Moreover, with humane means of population control, like contraception, currently considered to be both ineffective and costly, hunting seems the only feasible remedy for deer overpopulation at present.
Different techniques apply to repopulating forests and keeping pests and pathogens out. Charles Canham, the Cary Institute ecologist, stresses that while tree planting is a good long-term strategy, trees should be grown from bare root or seeds, because a tree with a root ball in potting soil may carry along harmful worms. Likewise, overfertilizing trees is actually counterproductive, as it will make the tree more attractive to pests.
Cutting away vines that can choke a tree is helpful. Avoiding driving over lawns – and hence tree roots – is also good.
And, as with all of nature, exposing young children to the woods and instilling a love of forests will help ensure a population of stewards for the future. Moreover, a study conducted in Finland found that three- to five-year-old city-dwelling children in a day care program, who were exposed to daily forest walks and gardening for as little as one month, saw improvement in their immune systems. The study supports the “biodiversity hypothesis” – a theory that says that exposure to a diverse environment enhances the human immune system.

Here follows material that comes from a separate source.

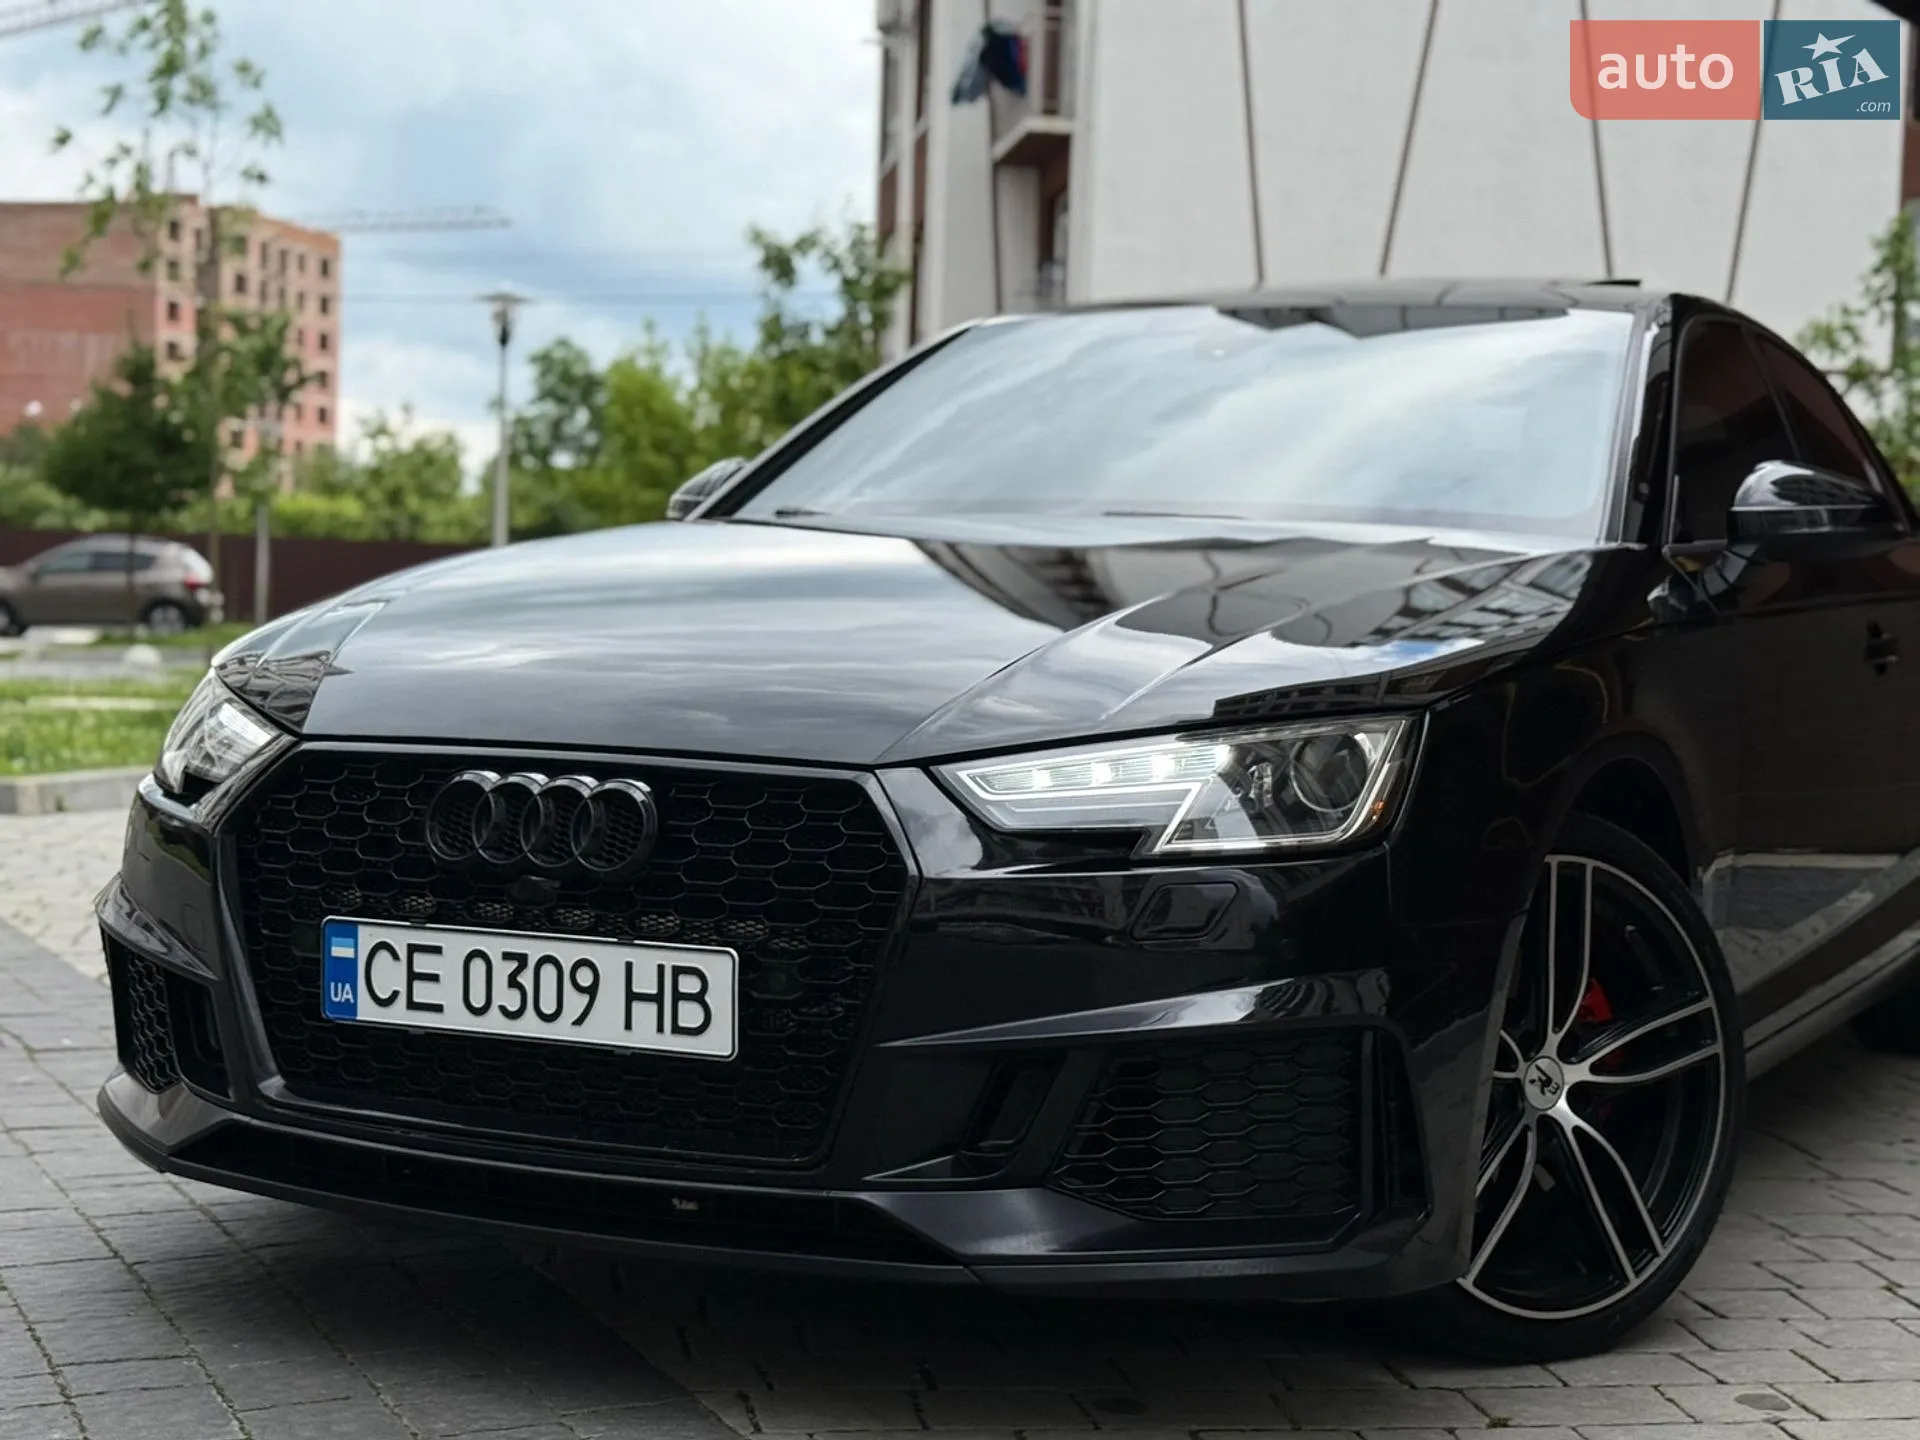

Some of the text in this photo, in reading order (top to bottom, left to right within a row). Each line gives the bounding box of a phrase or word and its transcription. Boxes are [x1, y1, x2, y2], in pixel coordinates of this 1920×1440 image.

[330, 981, 355, 1005] UA
[364, 940, 713, 1037] CE 0309 HB

To experience local forests and see the effects of stressors first-hand: The Rheinstrom Hill Audubon Sanctuary in Craryville (225 Cambridge Road) has some long-standing exclosures where the effects of excluding deer from an area can be seen. The recently-published field guide “From the Hudson to the Taconics,” authored by the Farmscape Ecology Program and Hudsonia Ltd., devotes nearly 100 pages to identifying the different types of forests and their publicly-accessible locations in the county, as well as species of environmental concern and potential stewardship methods. Montgomery Place, adjacent to the Bard Campus, is, as Dr. Canham puts it, an example of “a great old forest.” The DEC website includes materials on forest health and sets out the regulations that govern deer hunting.